> [About this task]:
Would you copy the line that includes "this 1328×1328 image." and every line that follows it, down to the last line of the listing below, exactly as they stand?

> [Supplied records]:
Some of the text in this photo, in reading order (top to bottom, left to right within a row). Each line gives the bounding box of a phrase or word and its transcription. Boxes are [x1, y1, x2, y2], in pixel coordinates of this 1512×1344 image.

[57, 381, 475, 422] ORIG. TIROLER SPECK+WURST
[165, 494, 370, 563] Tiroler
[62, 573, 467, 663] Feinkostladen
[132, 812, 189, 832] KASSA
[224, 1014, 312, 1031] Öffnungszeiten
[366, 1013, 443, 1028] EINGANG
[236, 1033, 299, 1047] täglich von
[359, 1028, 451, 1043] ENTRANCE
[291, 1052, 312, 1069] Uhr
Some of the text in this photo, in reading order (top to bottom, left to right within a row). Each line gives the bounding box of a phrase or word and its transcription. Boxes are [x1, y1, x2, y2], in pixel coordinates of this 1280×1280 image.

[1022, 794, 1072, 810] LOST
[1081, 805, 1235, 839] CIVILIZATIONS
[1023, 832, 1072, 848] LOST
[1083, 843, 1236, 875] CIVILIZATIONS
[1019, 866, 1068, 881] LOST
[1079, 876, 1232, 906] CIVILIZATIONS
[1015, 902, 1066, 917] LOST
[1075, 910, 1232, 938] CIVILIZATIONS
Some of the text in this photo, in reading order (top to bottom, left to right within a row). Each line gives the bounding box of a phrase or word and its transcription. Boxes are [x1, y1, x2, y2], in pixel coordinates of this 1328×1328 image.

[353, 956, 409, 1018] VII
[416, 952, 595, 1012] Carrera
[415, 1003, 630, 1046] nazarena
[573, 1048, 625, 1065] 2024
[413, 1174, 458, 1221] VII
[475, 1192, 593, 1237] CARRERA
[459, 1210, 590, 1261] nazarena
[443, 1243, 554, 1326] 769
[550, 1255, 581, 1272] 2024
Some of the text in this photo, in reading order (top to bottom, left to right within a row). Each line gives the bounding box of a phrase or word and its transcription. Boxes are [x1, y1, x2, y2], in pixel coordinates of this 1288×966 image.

> [Answer section]:
Some of the text in this photo, in reading order (top to bottom, left to right within a row). Each line gives the bounding box of a phrase or word and its transcription. Boxes are [x1, y1, x2, y2], in pixel coordinates of this 1328×1328 image.

[353, 956, 409, 1018] VII
[416, 952, 595, 1012] Carrera
[415, 1003, 630, 1046] nazarena
[573, 1048, 625, 1065] 2024
[413, 1174, 458, 1221] VII
[475, 1192, 593, 1237] CARRERA
[459, 1210, 590, 1261] nazarena
[443, 1243, 554, 1326] 769
[550, 1255, 581, 1272] 2024
Some of the text in this photo, in reading order (top to bottom, left to right within a row). Each line gives the bounding box of a phrase or word and its transcription. Boxes are [x1, y1, x2, y2], in pixel coordinates of this 1288×966 image.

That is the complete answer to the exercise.